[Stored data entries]
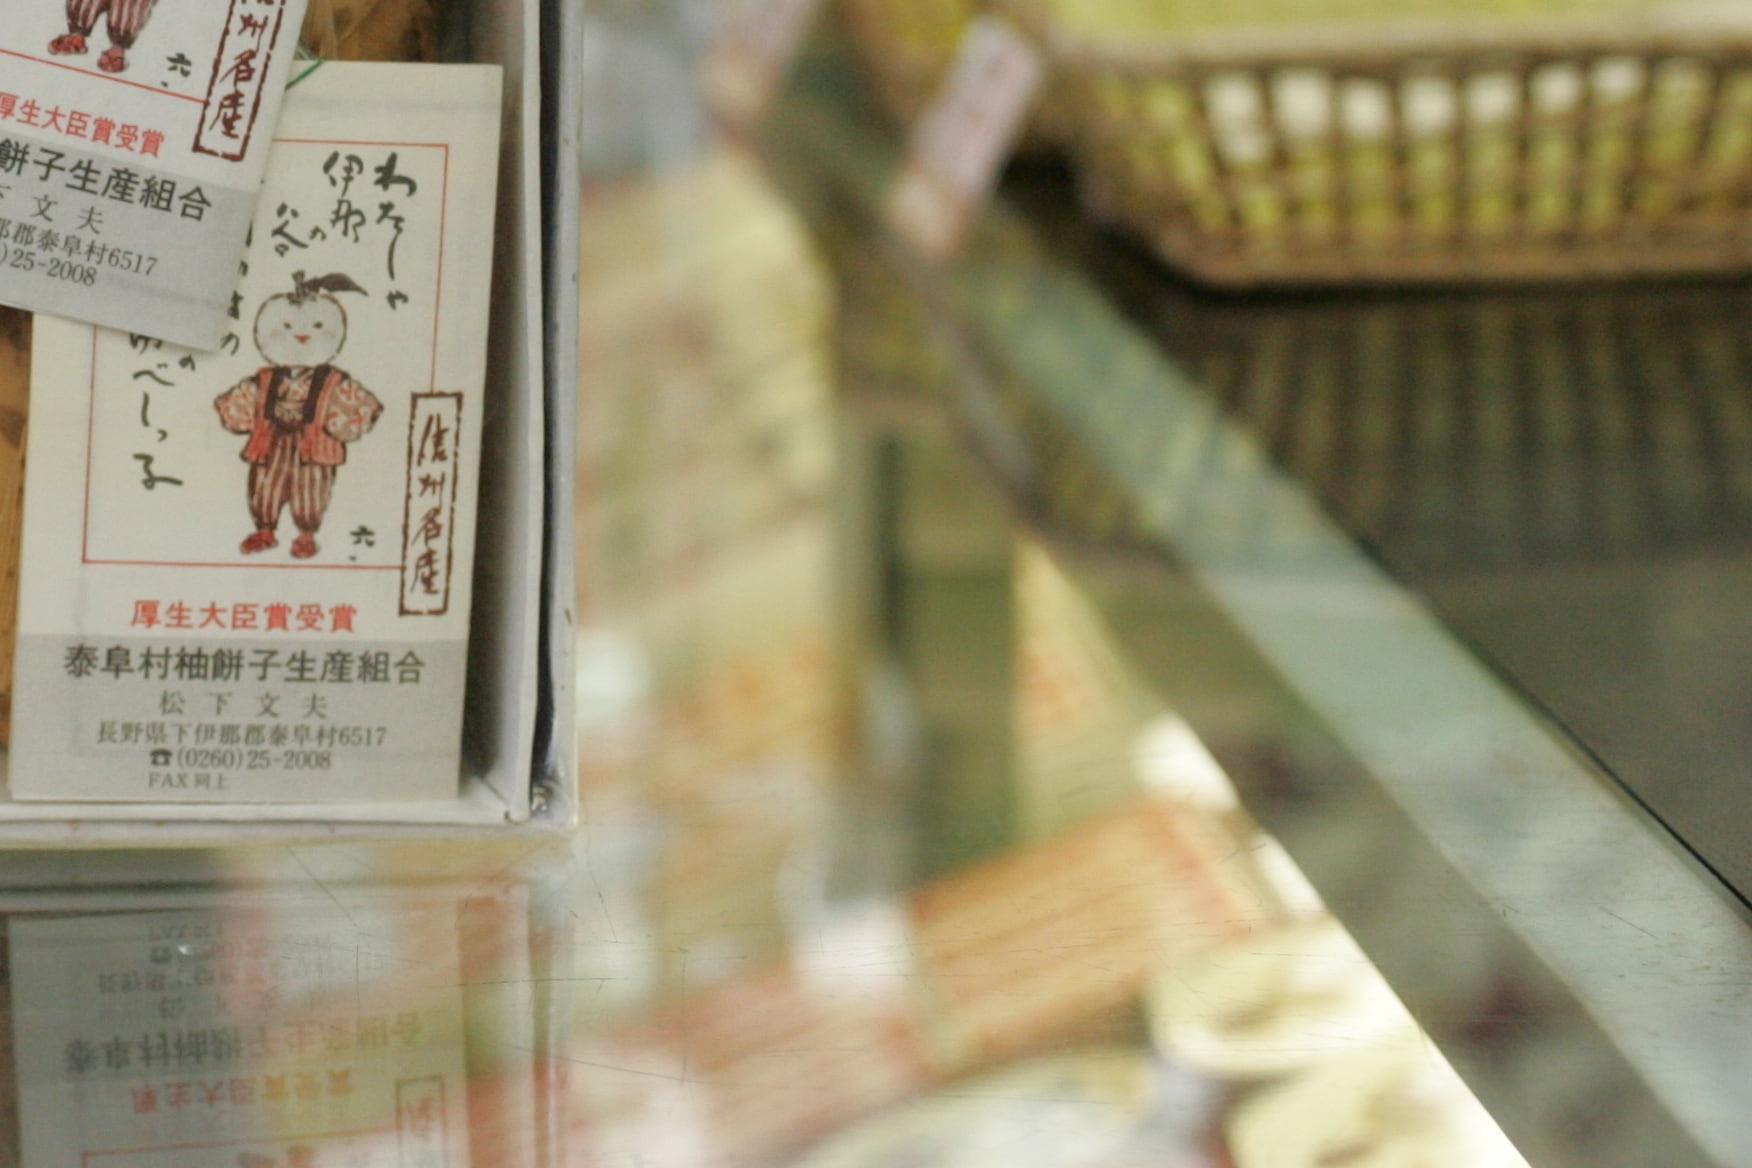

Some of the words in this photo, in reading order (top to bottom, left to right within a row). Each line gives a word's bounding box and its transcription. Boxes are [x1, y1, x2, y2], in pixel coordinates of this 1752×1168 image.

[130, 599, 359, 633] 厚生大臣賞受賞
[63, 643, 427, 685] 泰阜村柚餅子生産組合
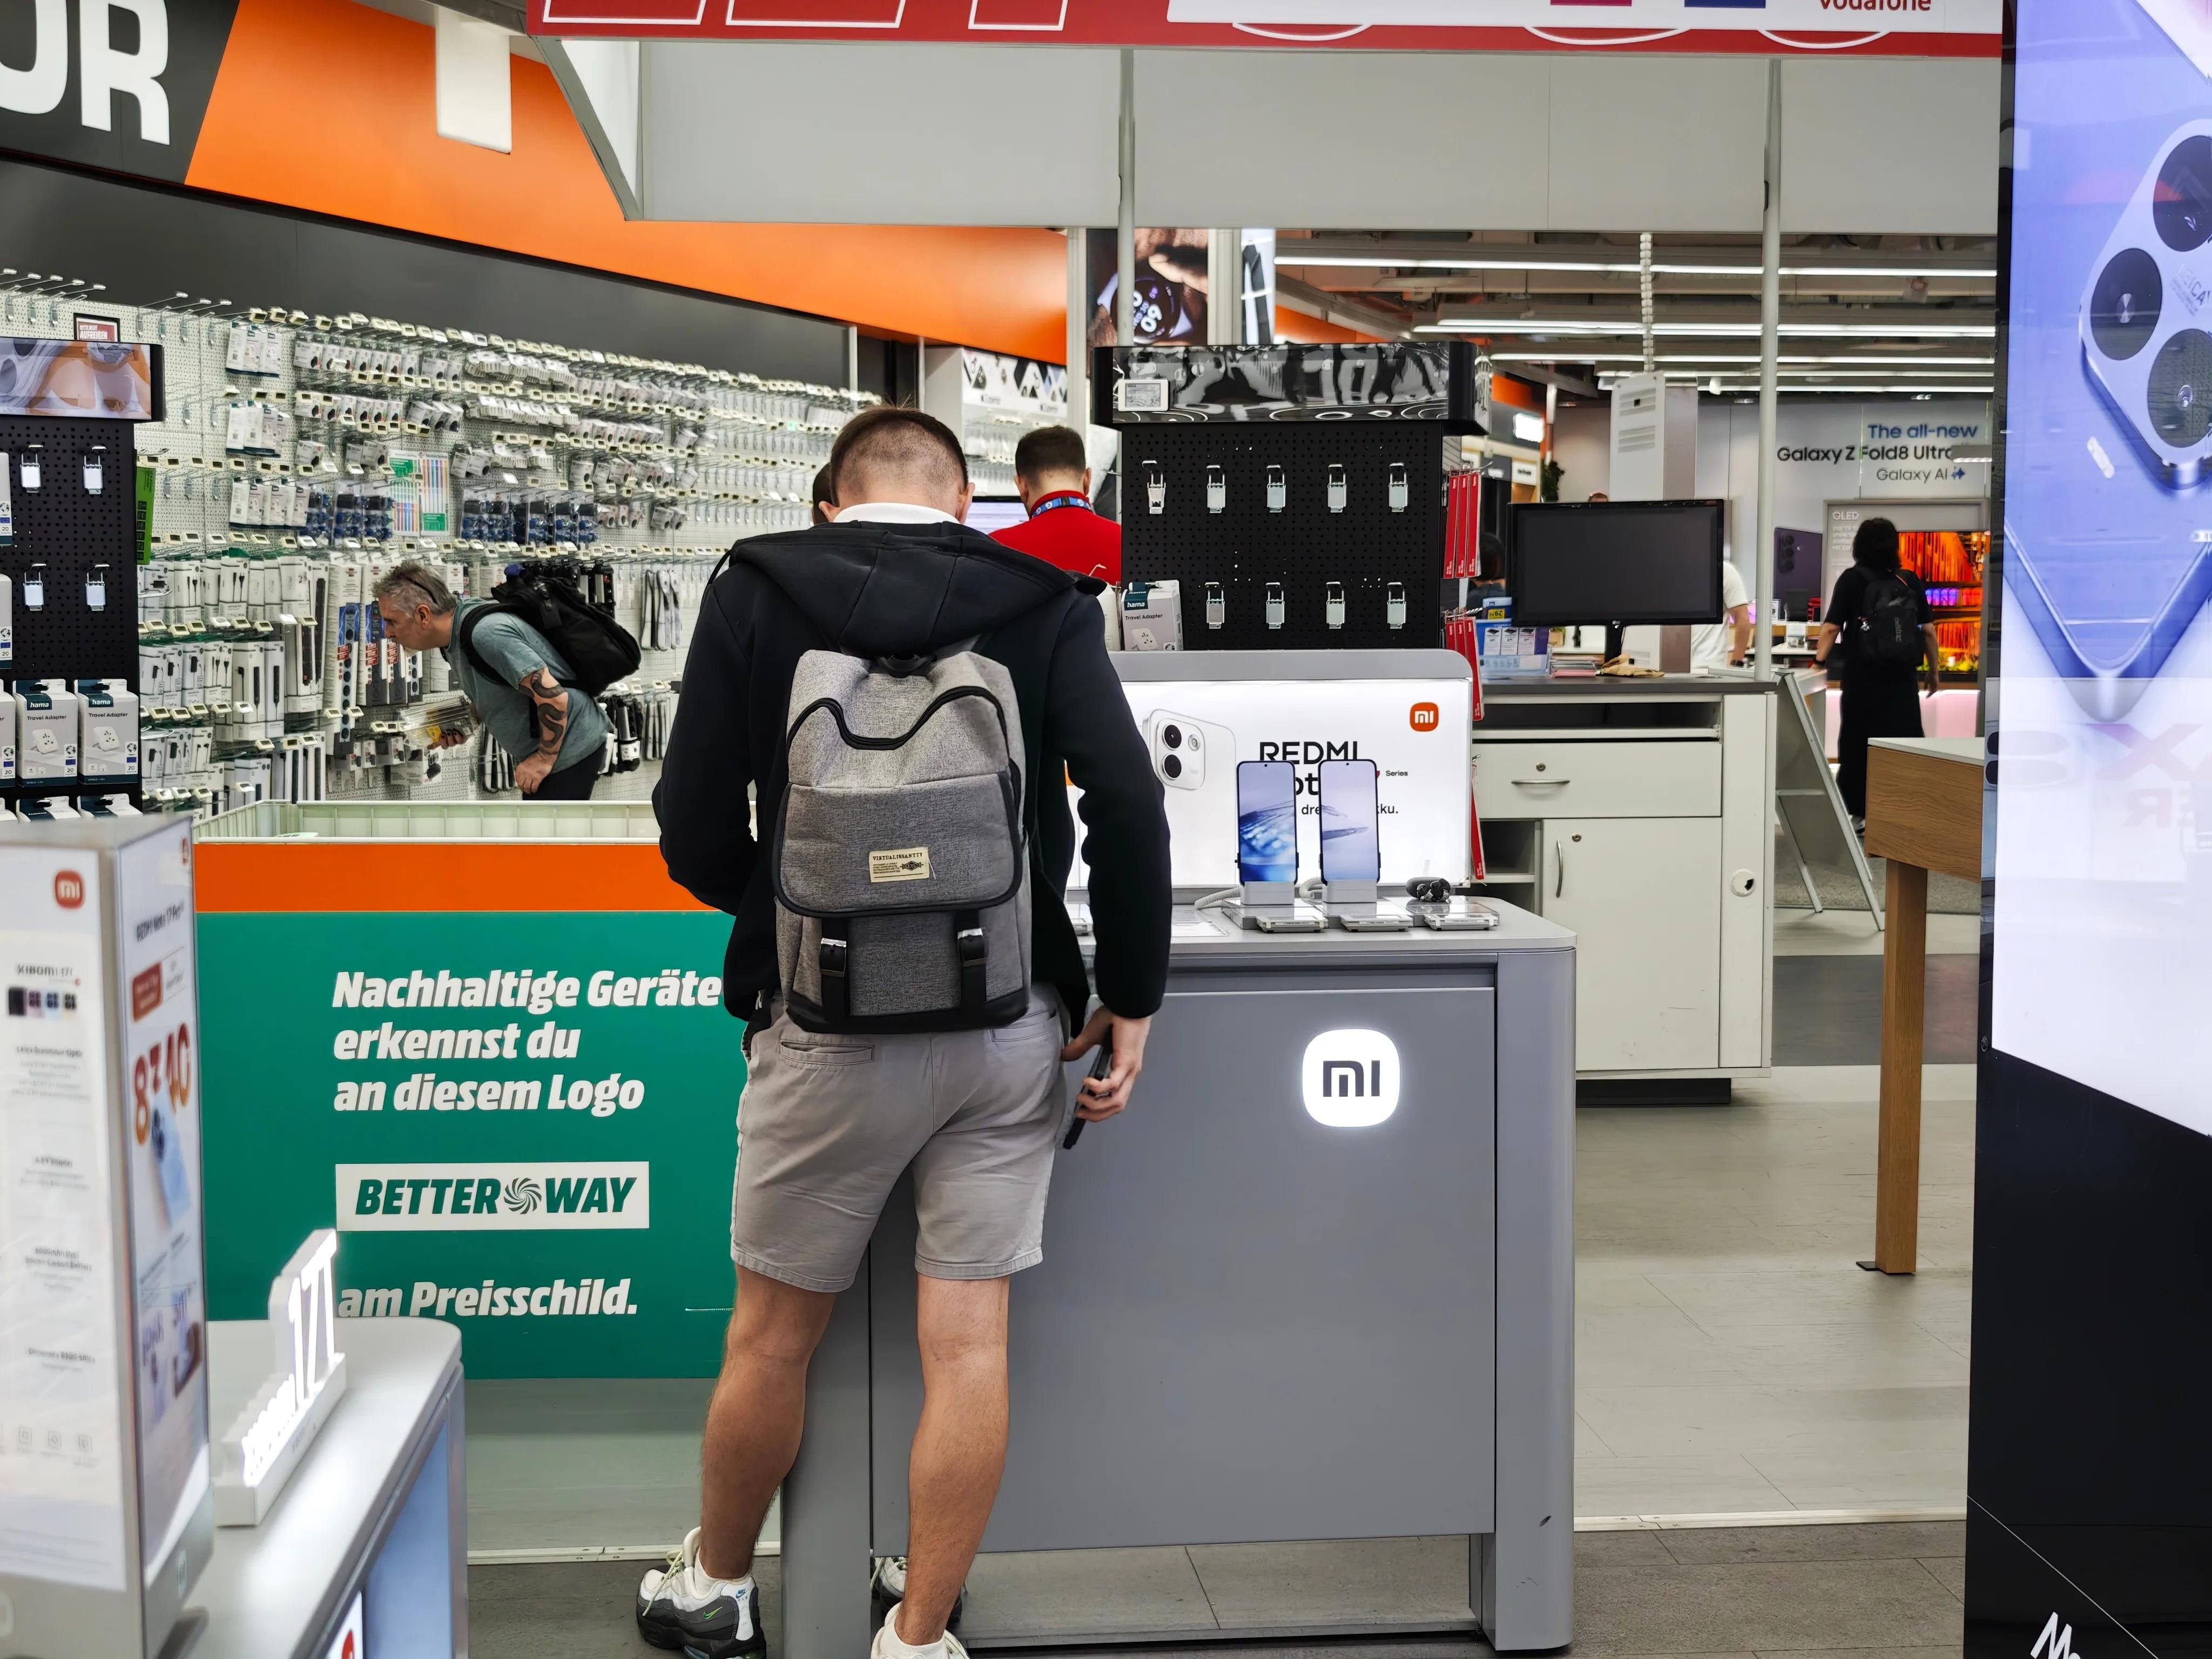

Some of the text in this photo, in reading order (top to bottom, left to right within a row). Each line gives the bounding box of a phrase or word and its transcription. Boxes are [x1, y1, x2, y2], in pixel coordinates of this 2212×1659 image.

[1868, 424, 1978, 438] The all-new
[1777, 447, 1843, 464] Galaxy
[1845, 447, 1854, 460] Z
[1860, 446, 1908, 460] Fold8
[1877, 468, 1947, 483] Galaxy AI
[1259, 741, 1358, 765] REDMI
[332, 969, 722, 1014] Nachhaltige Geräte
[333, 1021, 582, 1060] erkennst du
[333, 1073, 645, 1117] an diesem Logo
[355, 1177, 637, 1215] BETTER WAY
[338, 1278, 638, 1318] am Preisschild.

**WHAT THIS TASK INVOLVES**
Before printing the records again, strip out the pictures; change nothing else.

**TASK RESPONSE**
Some of the words in this photo, in reading order (top to bottom, left to right within a row). Each line gives a word's bounding box and its transcription. Boxes are [x1, y1, x2, y2], in pixel coordinates of this 1752×1168 image.

[130, 599, 359, 633] 厚生大臣賞受賞
[63, 643, 427, 685] 泰阜村柚餅子生産組合

Some of the text in this photo, in reading order (top to bottom, left to right within a row). Each line gives the bounding box of a phrase or word and its transcription. Boxes are [x1, y1, x2, y2], in pixel coordinates of this 2212×1659 image.

[1868, 424, 1978, 438] The all-new
[1777, 447, 1843, 464] Galaxy
[1845, 447, 1854, 460] Z
[1860, 446, 1908, 460] Fold8
[1877, 468, 1947, 483] Galaxy AI
[1259, 741, 1358, 765] REDMI
[332, 969, 722, 1014] Nachhaltige Geräte
[333, 1021, 582, 1060] erkennst du
[333, 1073, 645, 1117] an diesem Logo
[355, 1177, 637, 1215] BETTER WAY
[338, 1278, 638, 1318] am Preisschild.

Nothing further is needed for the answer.